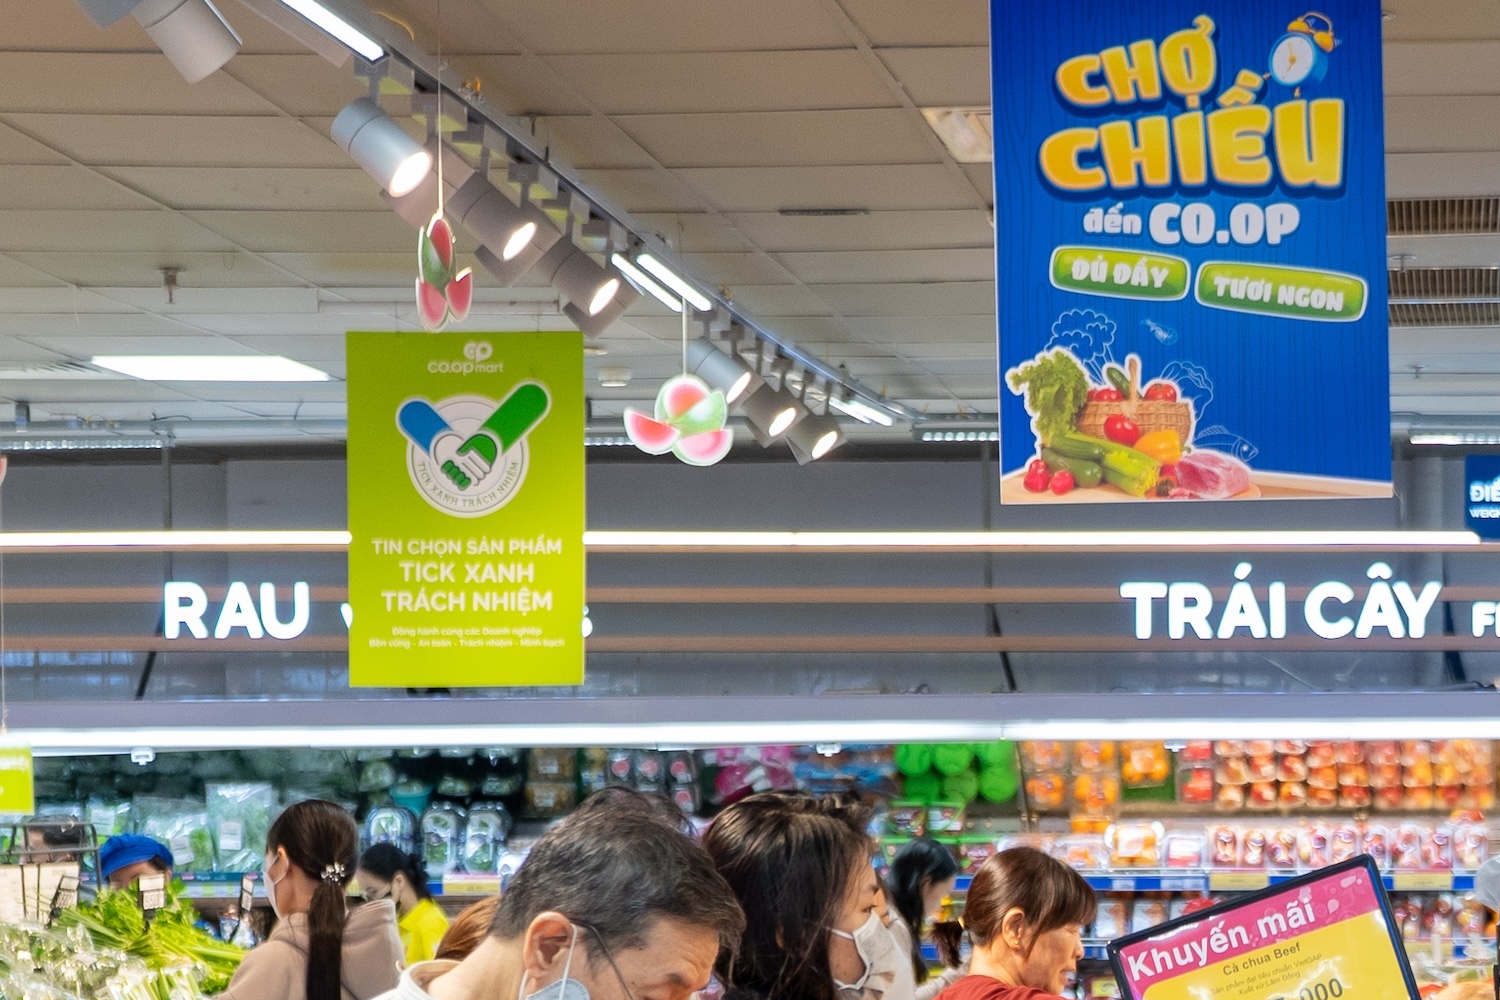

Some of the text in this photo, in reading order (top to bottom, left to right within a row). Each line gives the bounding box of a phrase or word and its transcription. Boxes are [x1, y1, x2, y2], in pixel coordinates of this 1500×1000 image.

[1056, 15, 1216, 108] CHỢ
[1040, 69, 1344, 189] CHIỀU
[1083, 203, 1300, 246] đến CO.OP
[1072, 254, 1107, 283] ĐỦ
[1214, 276, 1344, 312] TƯƠI NGON
[371, 538, 402, 555] TIN
[408, 538, 462, 558] CHỌN
[509, 533, 562, 555] PHẨM
[399, 562, 534, 584] TICK XANH
[164, 581, 310, 640] RAU
[381, 587, 552, 616] TRÁCH NHIỆM
[1119, 562, 1286, 640] TRÁI
[1304, 562, 1441, 640] CÂY
[1127, 897, 1316, 981] Khuyến mãi
[1222, 942, 1301, 976] Cà chua Beef
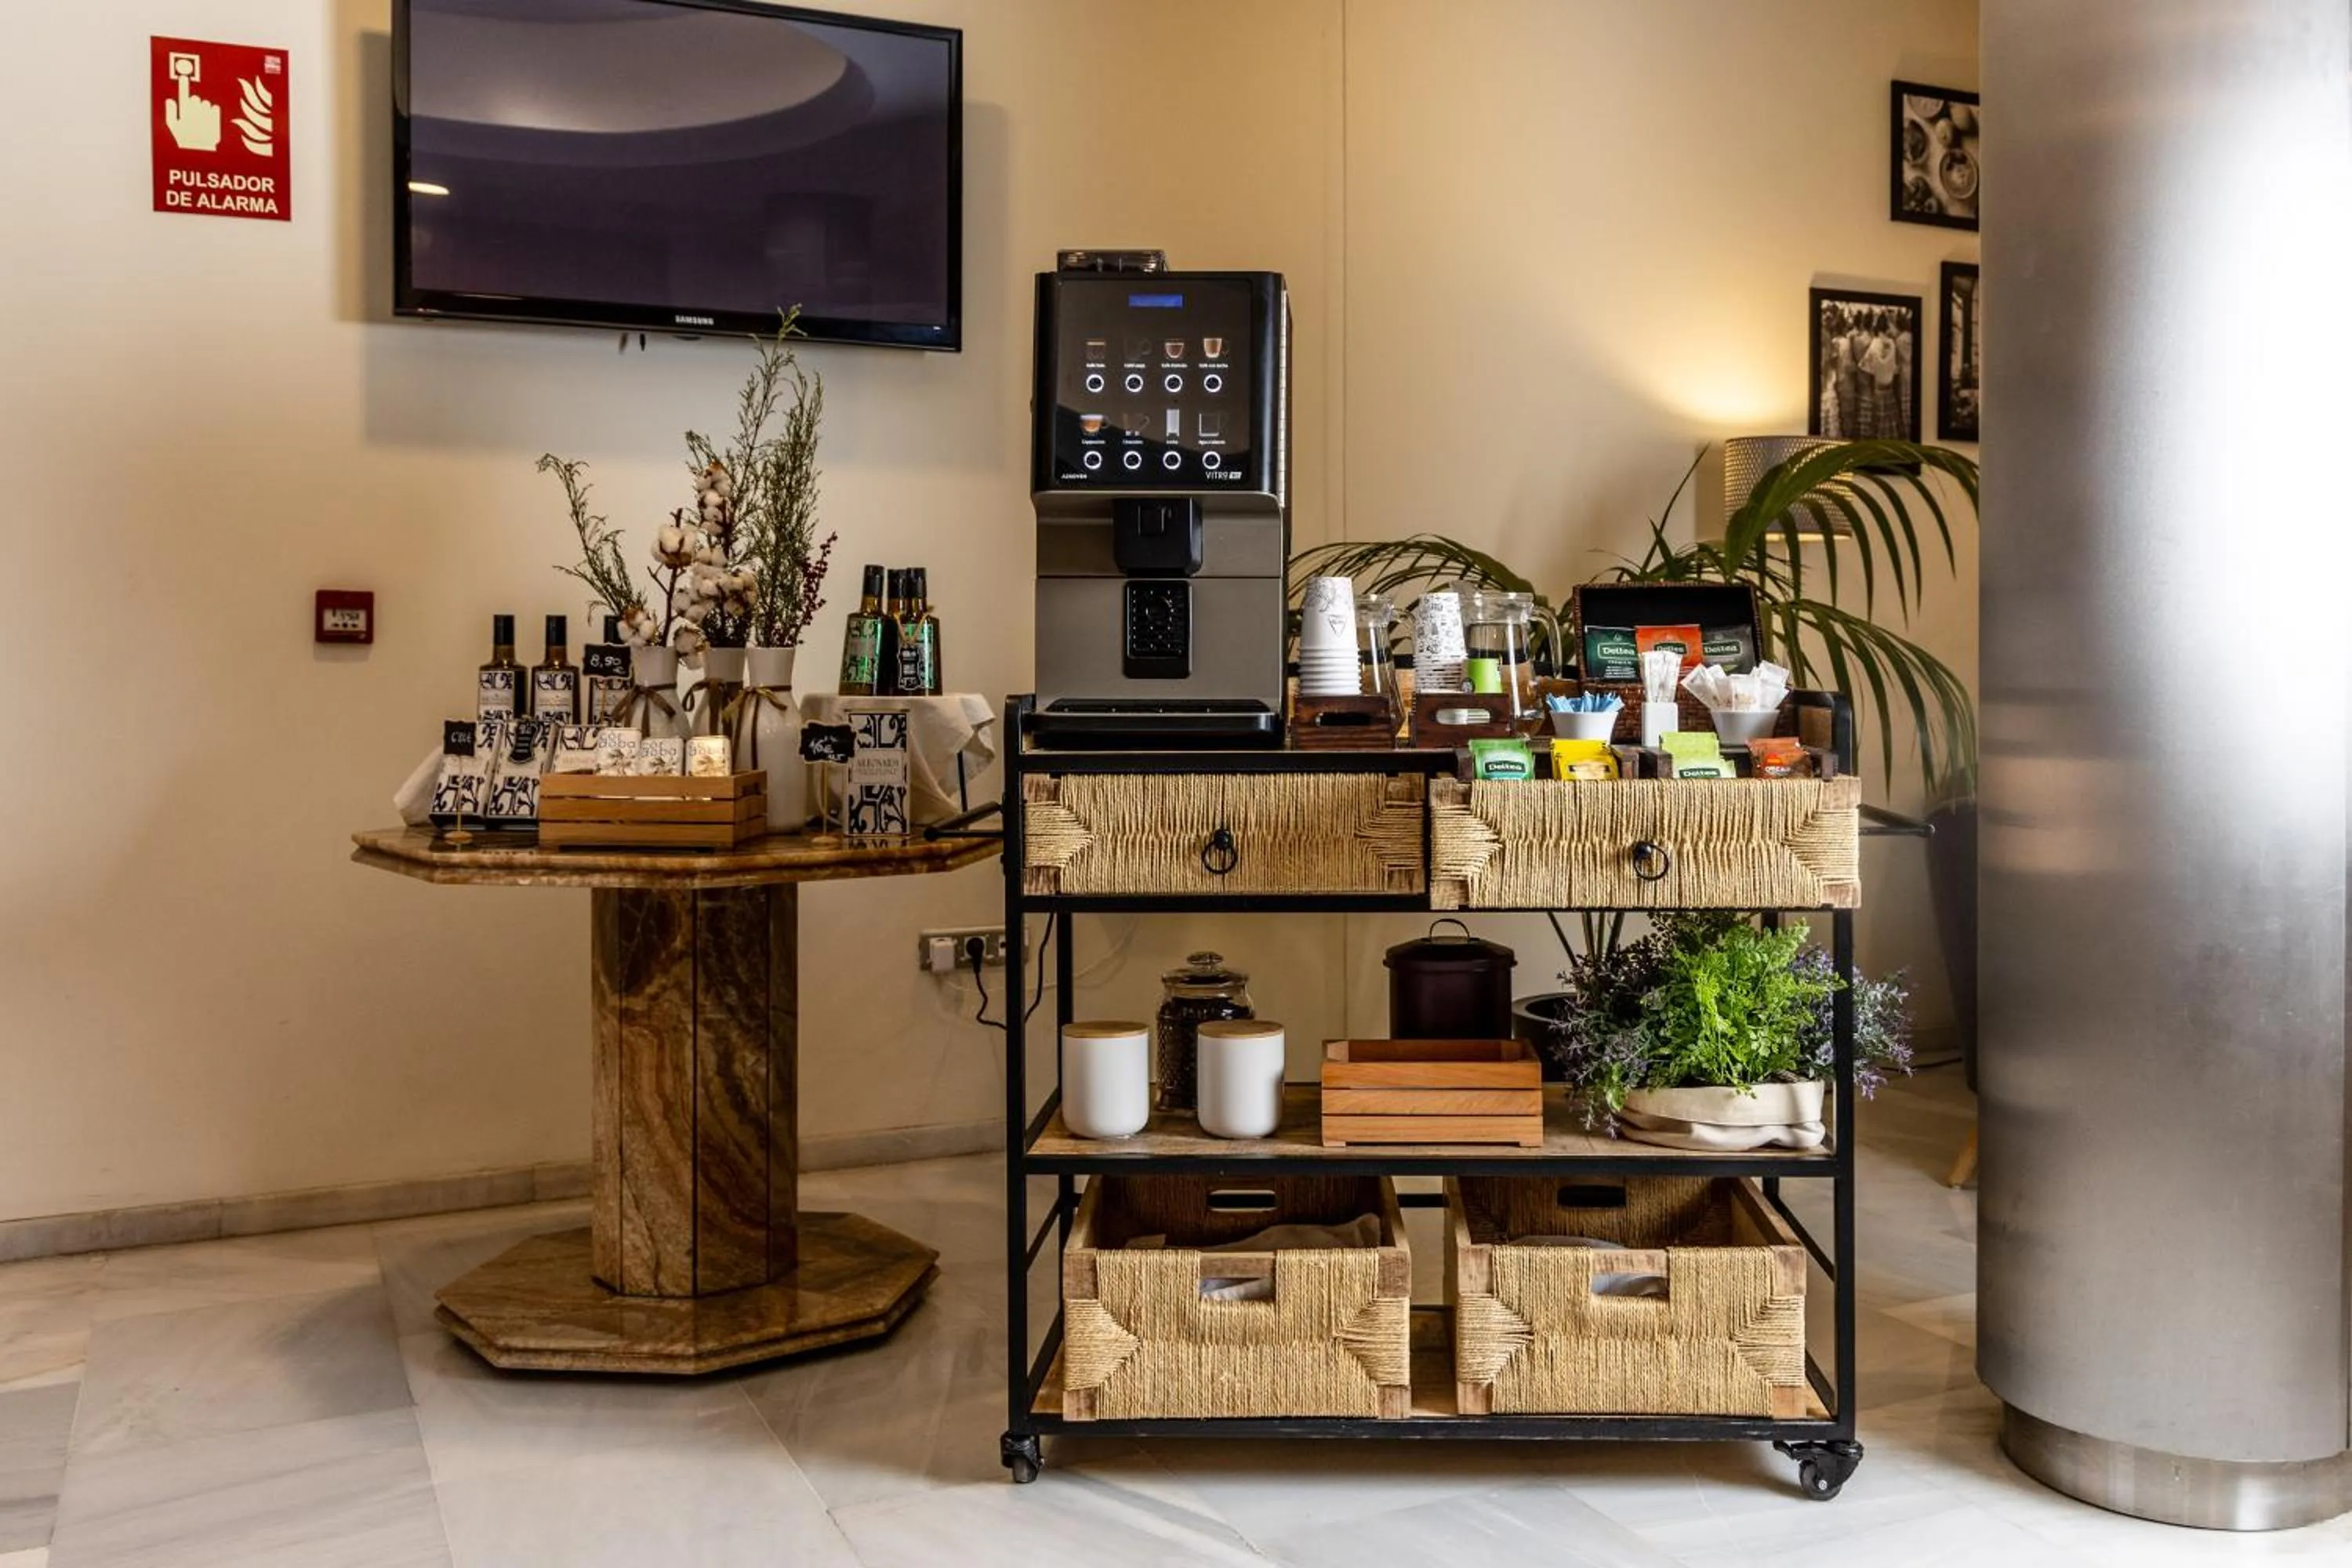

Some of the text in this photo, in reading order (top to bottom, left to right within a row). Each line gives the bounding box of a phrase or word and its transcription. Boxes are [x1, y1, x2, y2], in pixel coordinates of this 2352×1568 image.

[169, 169, 274, 193] PULSADOR
[166, 191, 278, 214] DE ALARMA
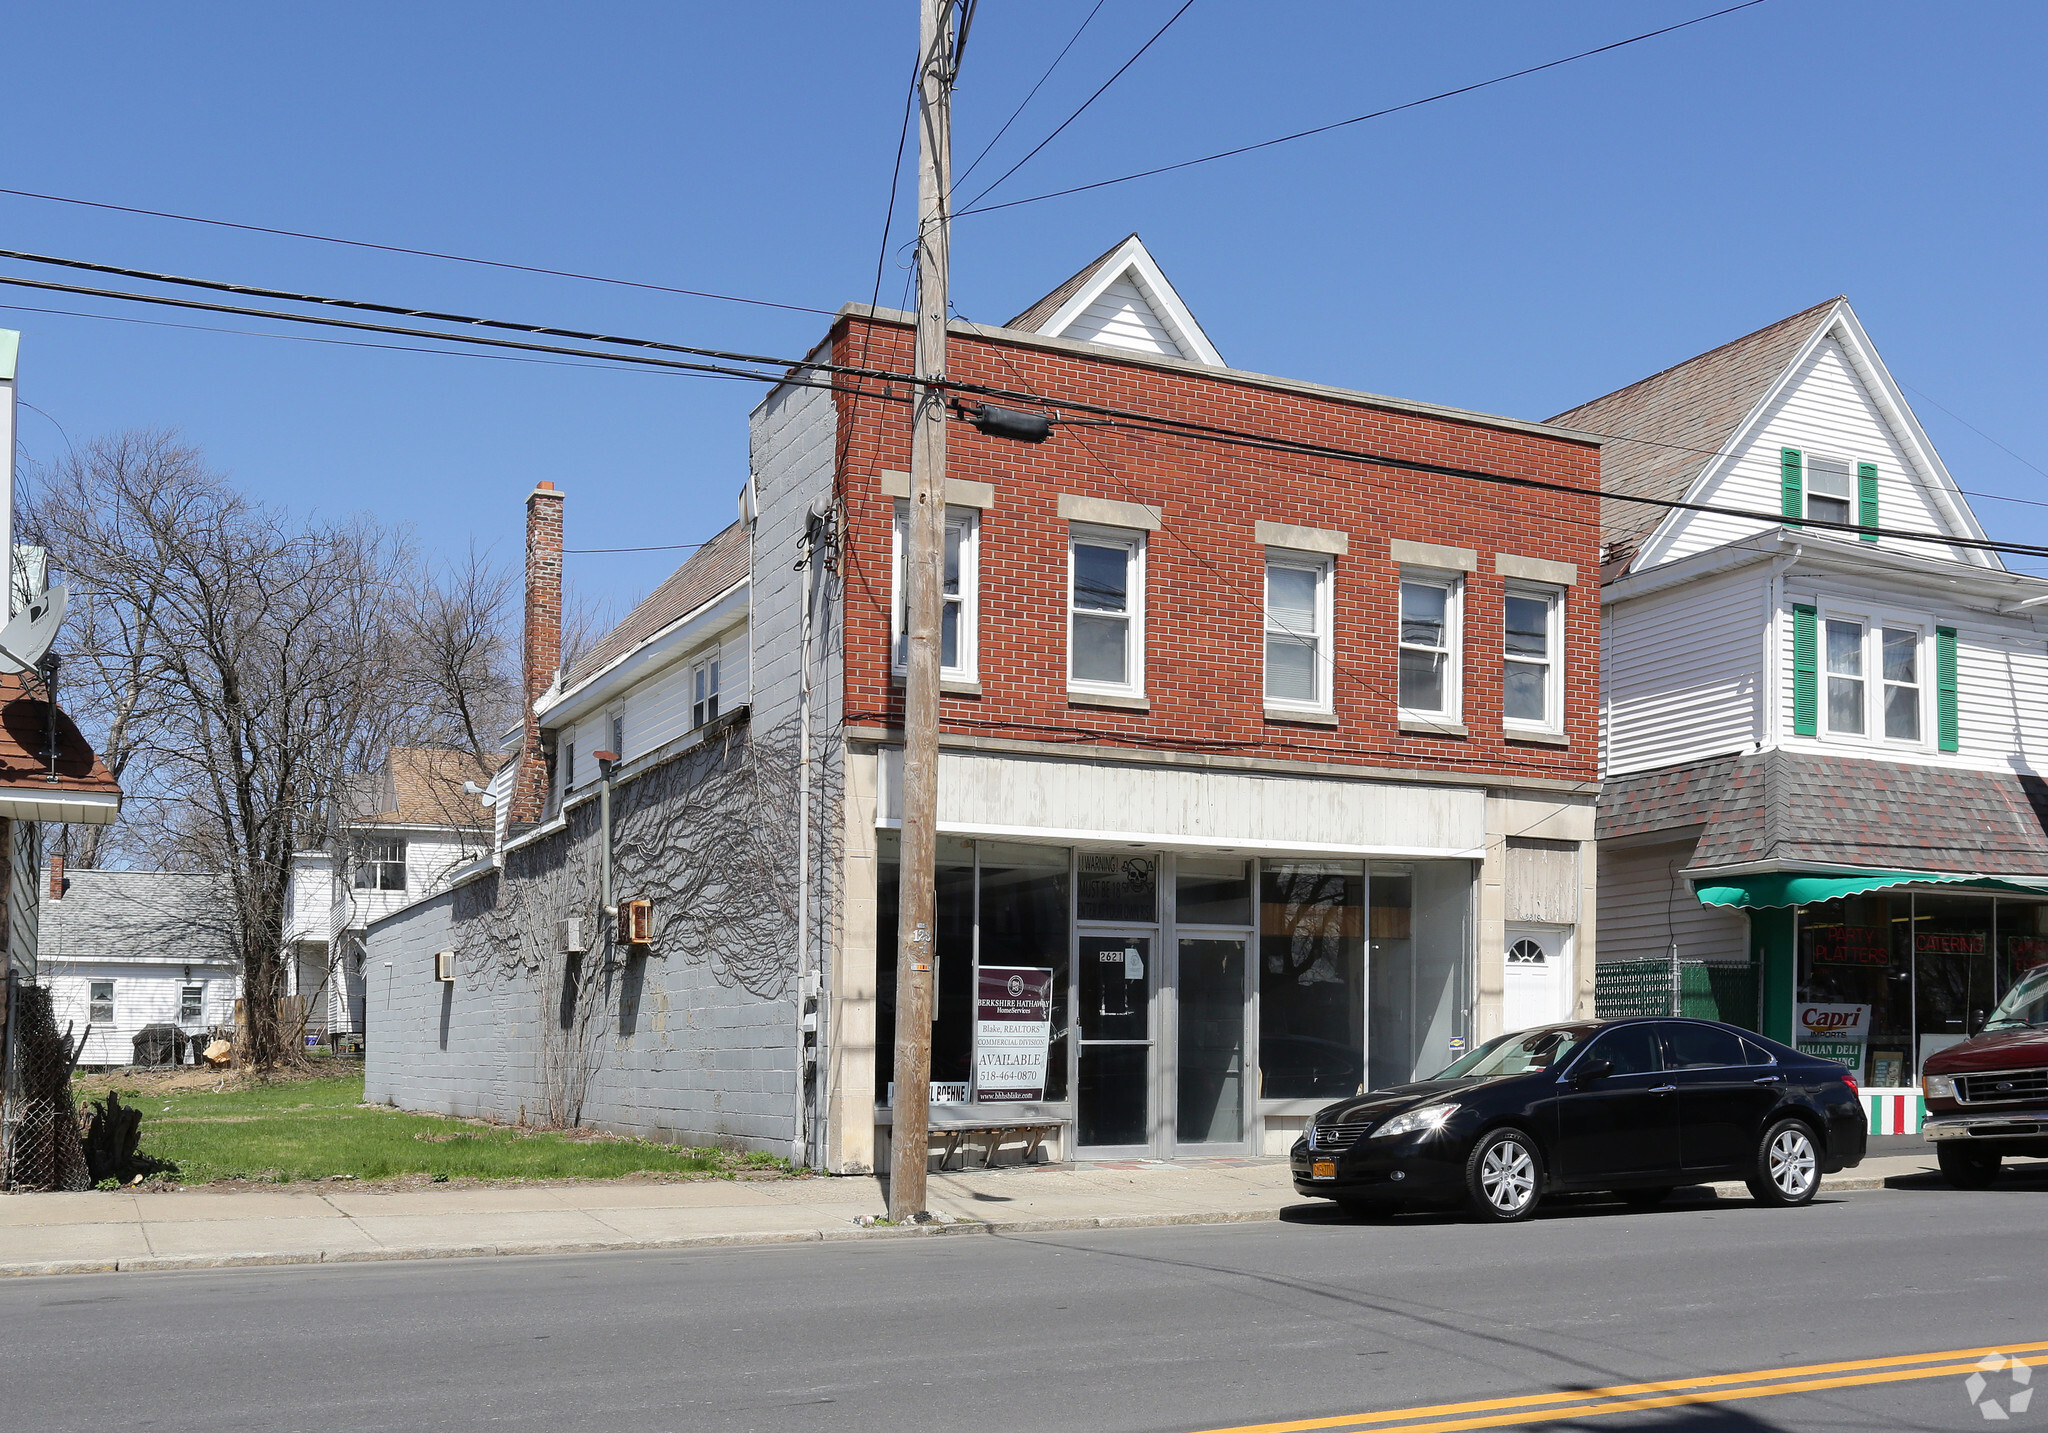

=== WHAT IS BEING ASKED ===
Could you copy every record exactly, without the pictures?

=== SOLUTION FOR THIS TASK ===
Some of the text in this photo, in reading order (top to bottom, left to right within a row). Each line gives the bounding box of a phrase or word and its transcription. Boxes are [x1, y1, x2, y2], in pixel coordinates of this 1500×1000 image.

[1056, 15, 1216, 108] CHỢ
[1040, 69, 1344, 189] CHIỀU
[1083, 203, 1300, 246] đến CO.OP
[1072, 254, 1107, 283] ĐỦ
[1214, 276, 1344, 312] TƯƠI NGON
[371, 538, 402, 555] TIN
[408, 538, 462, 558] CHỌN
[509, 533, 562, 555] PHẨM
[399, 562, 534, 584] TICK XANH
[164, 581, 310, 640] RAU
[381, 587, 552, 616] TRÁCH NHIỆM
[1119, 562, 1286, 640] TRÁI
[1304, 562, 1441, 640] CÂY
[1127, 897, 1316, 981] Khuyến mãi
[1222, 942, 1301, 976] Cà chua Beef

Some of the text in this photo, in reading order (top to bottom, left to right within a row). Each line gives the bounding box of a phrase or word and its transcription. Boxes are [x1, y1, x2, y2], in pixel coordinates of this 2352×1568 image.

[169, 169, 274, 193] PULSADOR
[166, 191, 278, 214] DE ALARMA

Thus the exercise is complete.